Thursday, June 20, 2019

A New Poet Laureate and Thoughts on What Makes Art Valuable

I have been feeling a strange sense of accomplishment because I finished a book in the same week I started it. It's not that I don't read books anymore, although I don't read them the way I used to. But it takes me forever to finish them, unless they're super compelling or unless I'm on a plane or somewhere where the Internet doesn't distract me.

I am the person who always had her nose stuck in a book--as a child, as a teen, as a student, as a commuter, in every facet of life.  Now I'm still reading, but I'm more likely to have my nose stuck in front of a computer screen.  I still read a lot, but I read shorter pieces.

News that might have once taken days or weeks to get to me now finds me in a matter of minutes.  As we all know, that can be a good thing or a bad thing.  Yesterday, I read the breaking news that Joy Harjo has been named the next poet laureate of the U.S.
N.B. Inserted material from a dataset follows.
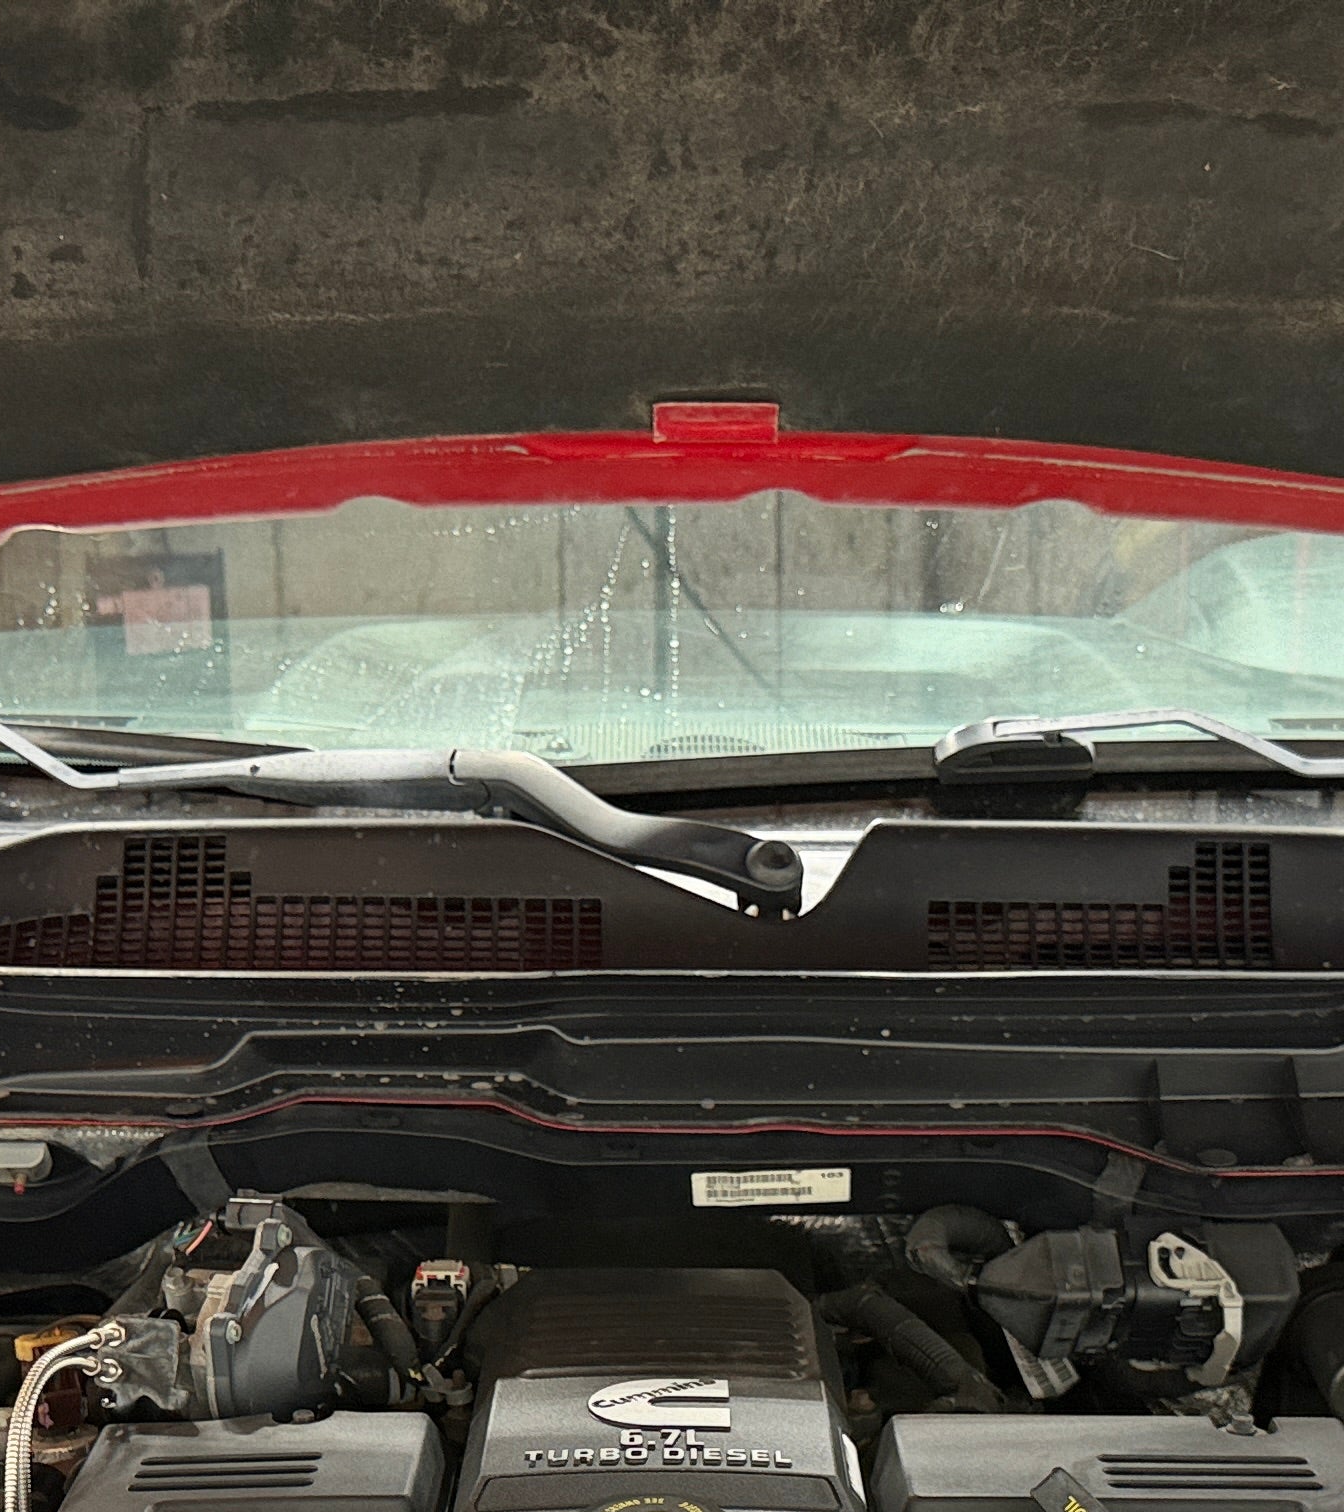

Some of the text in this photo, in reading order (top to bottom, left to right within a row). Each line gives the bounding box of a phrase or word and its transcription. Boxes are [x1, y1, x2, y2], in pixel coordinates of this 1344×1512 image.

[619, 1429, 705, 1449] 6.7L
[524, 1448, 793, 1467] TURBO DIESEL
I saw a Facebook comment that remarked that the recent choices for poet laureate have been fabulous.  I agree:  Natasha Trethewey, Traci Smith--beyond that, I'd have to look up the list, but I'm rarely annoyed at the pick.

Sure, I'd like it to be me, but I also know I'm nowhere near accomplished enough.  That's O.K.  I have time.  I turn 54 in a few weeks, and Harjo is 68.  But even if I'm never accomplished enough, I'm happy that I've kept writing, kept submitting, kept checking in with this deepest part of myself that I access through poetry.

Poetry--both poems written by me and poems written by others--has taken me to places I wouldn't have found otherwise.  If you asked me to define good art, worthy art, that kind of definition would leap to mind.

In Balm in Gilead: A Theological Dialogue with Marilynne Robinson.  the book that I just finished in the same week that I started reading it, Marilynne Robinson says that good literature is subversive, which she defines this way:  "It [literature] wants very much for you to think about something in a way that you would not otherwise" (p. 182).  She goes on to say that Christianity functions in much the same way and finishes by saying"  Christ became a slave.  It undercuts cultural assumptions about what is valuable, what the hierarchies in fact are and so on.  Art sort of reproduces that great overturning whenever it's good art" (p. 182).

In the transcript of the conversation between Robinson and Rowan Williams, they go on to analyze democracies.  Robinson says, "But the issue for a democratic citizen is the questions, 'What kind of world do I want to make for the people around me?  What kind of reality do I want the people who I call my community to live in?  How can I create institutions or support traditions or whatever that actually free and enlarge the people around me?'" (p. 187).

Those ideas, too, seem like ones that lead us to valuable art.  

Joy Harjo has made great art--poetry, music, historiography--that has the effect on readers that Robinson describes.  I was thrilled to hear her speak at the 2018 AWP.  I took some pictures at her session.



I was fascinated by her wrist, where her tattoos that have a look of ancient ancestors meet her smart watch.




Her hand and arm seem like a fitting metaphor for much of her work.  I look forward to seeing what she does in this new position of prominence.